## Task description
Nothing but the text should be carried over: reproduce all the data exactly and leave out every image.

## Provided records
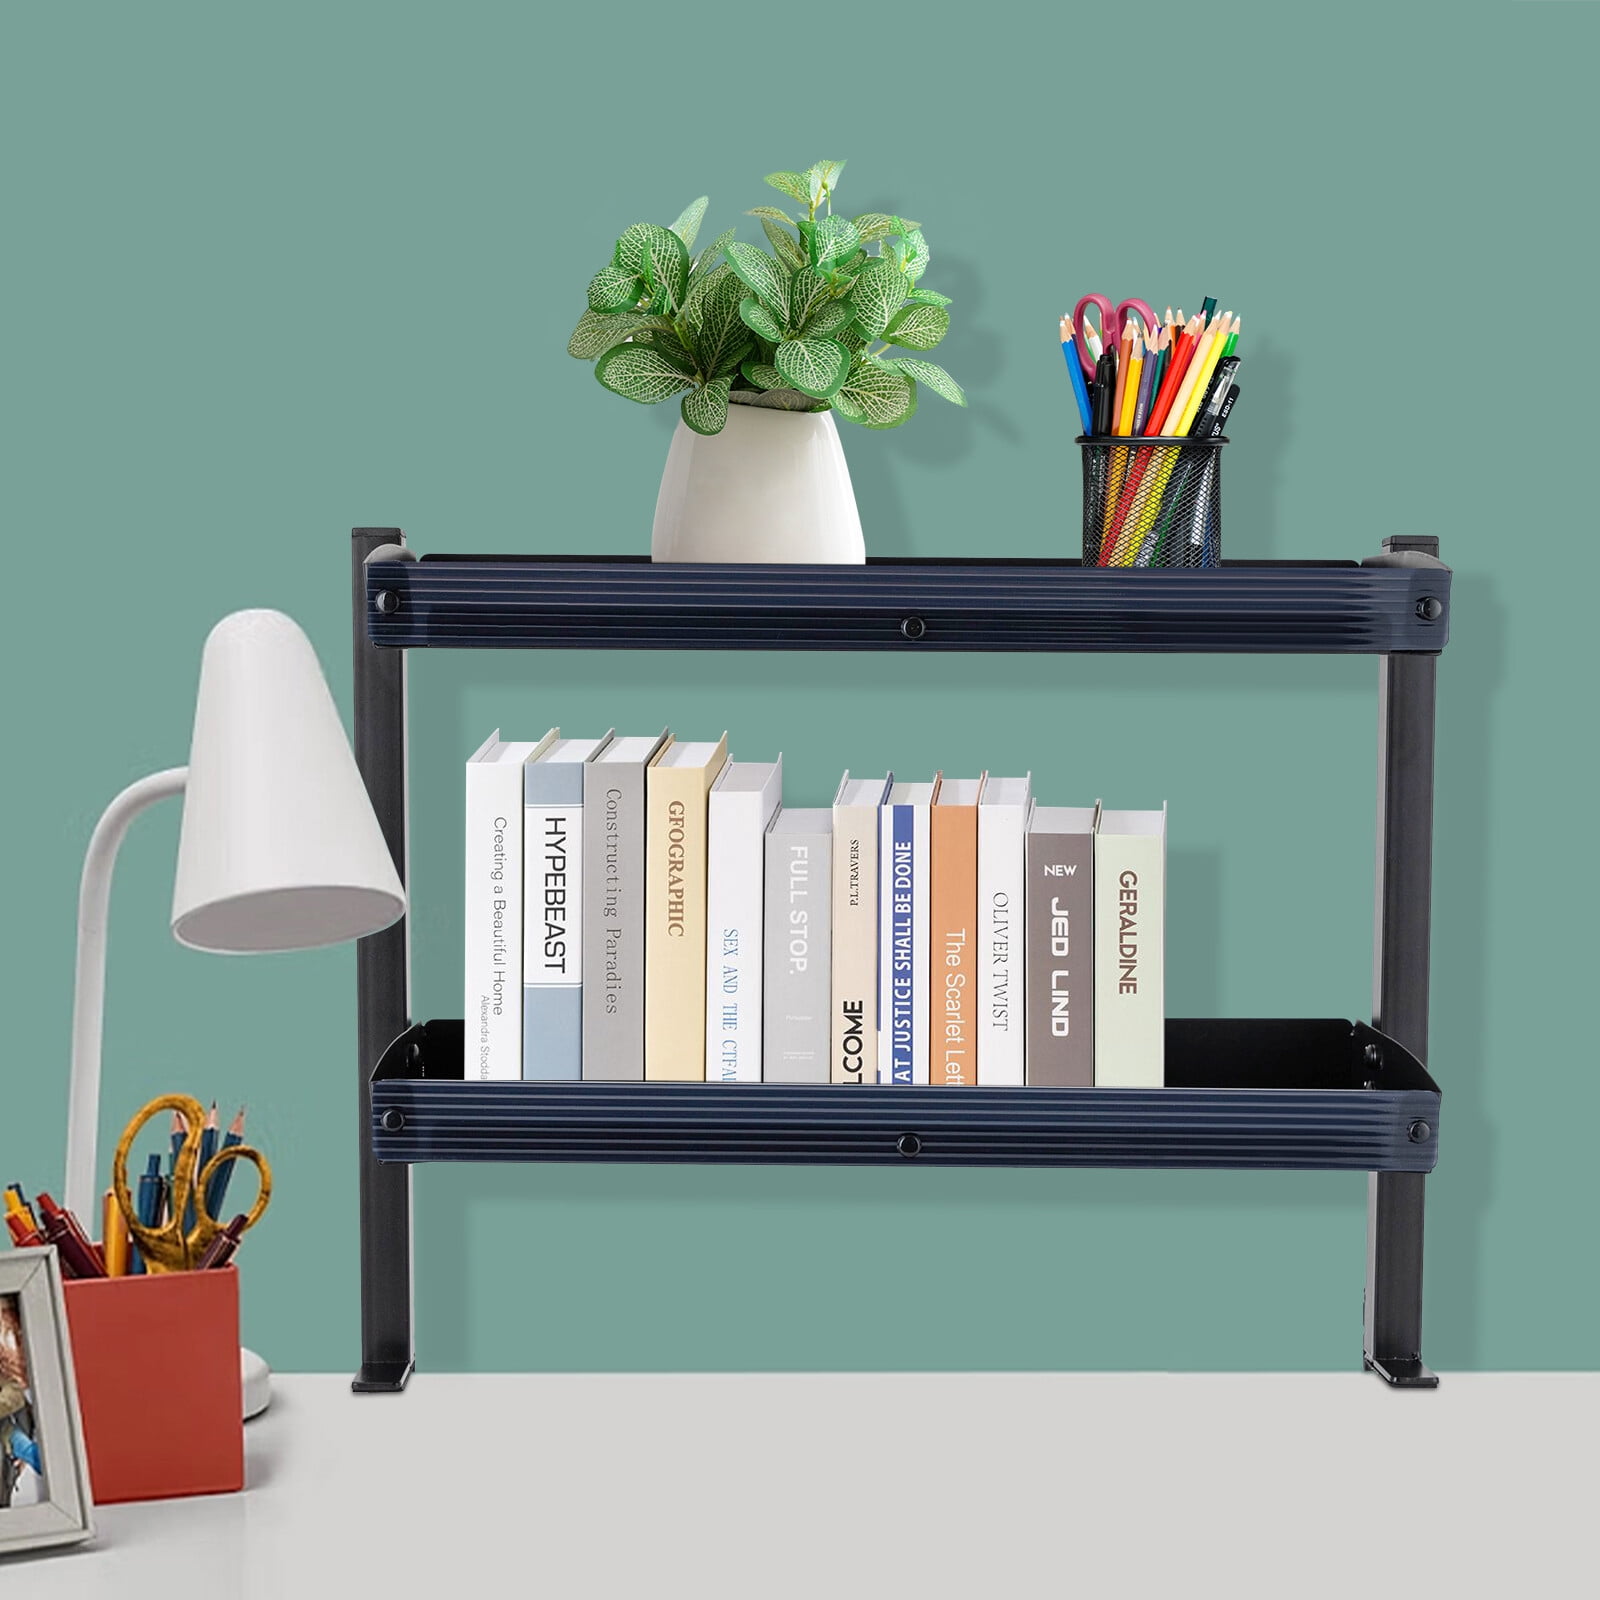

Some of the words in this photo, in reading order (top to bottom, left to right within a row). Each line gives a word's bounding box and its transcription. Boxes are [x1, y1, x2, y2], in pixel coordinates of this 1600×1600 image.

[491, 817, 507, 880] Creating
[604, 789, 621, 917] Constructing
[668, 801, 684, 936] GFOGRAPHIC
[790, 846, 808, 904] FULL
[895, 841, 912, 888] DONE
[1045, 865, 1076, 876] NEW
[545, 818, 566, 973] HYPEBEAST
[895, 893, 912, 914] BE
[493, 900, 506, 965] Beautiful
[724, 929, 738, 955] SEX
[790, 911, 808, 974] STOP.
[895, 917, 912, 970] SHALL
[946, 928, 965, 966] The
[993, 893, 1008, 964] OLIVER
[1052, 897, 1068, 956] JED
[1119, 871, 1137, 994] GERALDINE
[493, 971, 505, 1015] Home
[606, 929, 621, 1013] Paradies
[723, 966, 738, 993] AND
[993, 970, 1008, 1031] TWIST
[481, 995, 490, 1043] Alexandra
[723, 1003, 737, 1030] THE
[895, 978, 912, 1051] JUSTICE
[946, 974, 965, 1043] Scarlet
[1052, 971, 1069, 1036] LIND
[843, 1001, 863, 1083] LCOME
[895, 1059, 912, 1081] AT
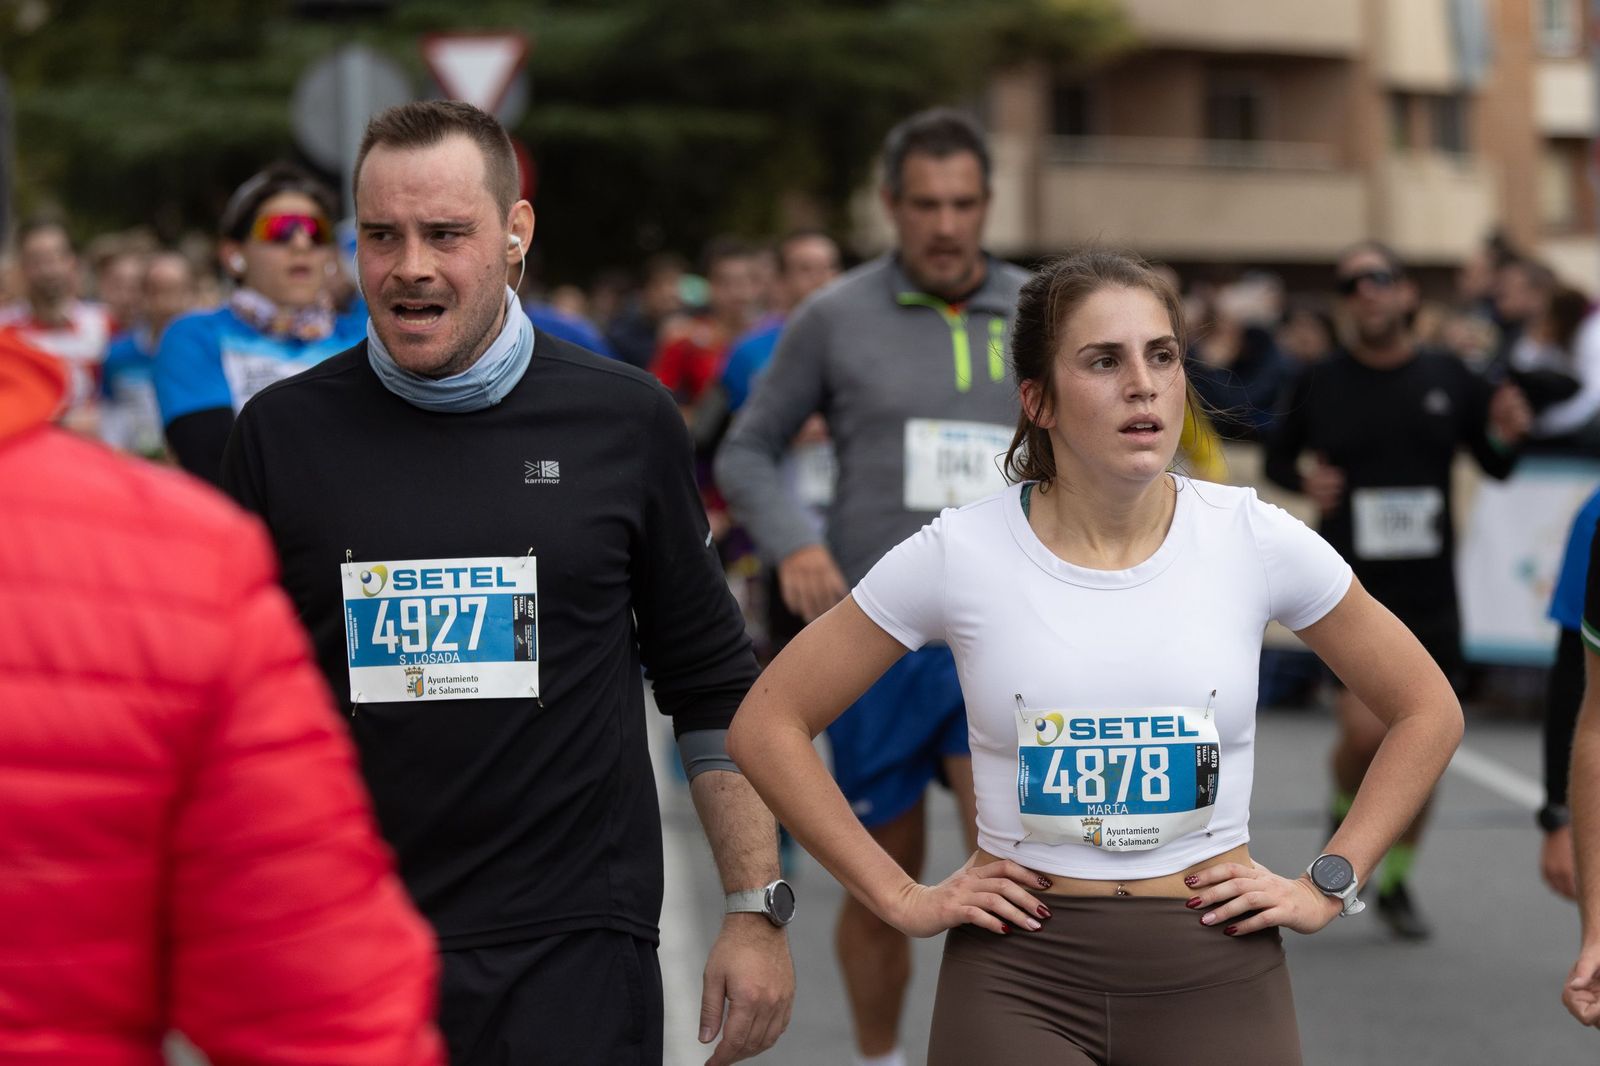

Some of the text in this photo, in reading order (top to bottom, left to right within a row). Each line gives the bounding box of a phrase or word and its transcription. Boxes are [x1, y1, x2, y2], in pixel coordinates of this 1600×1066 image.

[524, 477, 561, 485] karrimor
[392, 566, 517, 591] SETEL
[372, 596, 488, 654] 4927
[427, 675, 479, 686] Ayuntamiento
[438, 685, 479, 694] Salamanca
[1069, 715, 1199, 740] SETEL
[1042, 746, 1170, 804] 4878
[1087, 802, 1129, 815] MARÍA
[1106, 826, 1160, 837] Ayuntamiento
[1106, 837, 1159, 846] de Salamanca

## Answer area
Some of the words in this photo, in reading order (top to bottom, left to right within a row). Each line gives a word's bounding box and its transcription. Boxes are [x1, y1, x2, y2], in pixel coordinates of this 1600×1600 image.

[491, 817, 507, 880] Creating
[604, 789, 621, 917] Constructing
[668, 801, 684, 936] GFOGRAPHIC
[790, 846, 808, 904] FULL
[895, 841, 912, 888] DONE
[1045, 865, 1076, 876] NEW
[545, 818, 566, 973] HYPEBEAST
[895, 893, 912, 914] BE
[493, 900, 506, 965] Beautiful
[724, 929, 738, 955] SEX
[790, 911, 808, 974] STOP.
[895, 917, 912, 970] SHALL
[946, 928, 965, 966] The
[993, 893, 1008, 964] OLIVER
[1052, 897, 1068, 956] JED
[1119, 871, 1137, 994] GERALDINE
[493, 971, 505, 1015] Home
[606, 929, 621, 1013] Paradies
[723, 966, 738, 993] AND
[993, 970, 1008, 1031] TWIST
[481, 995, 490, 1043] Alexandra
[723, 1003, 737, 1030] THE
[895, 978, 912, 1051] JUSTICE
[946, 974, 965, 1043] Scarlet
[1052, 971, 1069, 1036] LIND
[843, 1001, 863, 1083] LCOME
[895, 1059, 912, 1081] AT

Some of the text in this photo, in reading order (top to bottom, left to right within a row). Each line gives the bounding box of a phrase or word and its transcription. Boxes are [x1, y1, x2, y2], in pixel coordinates of this 1600×1066 image.

[524, 477, 561, 485] karrimor
[392, 566, 517, 591] SETEL
[372, 596, 488, 654] 4927
[427, 675, 479, 686] Ayuntamiento
[438, 685, 479, 694] Salamanca
[1069, 715, 1199, 740] SETEL
[1042, 746, 1170, 804] 4878
[1087, 802, 1129, 815] MARÍA
[1106, 826, 1160, 837] Ayuntamiento
[1106, 837, 1159, 846] de Salamanca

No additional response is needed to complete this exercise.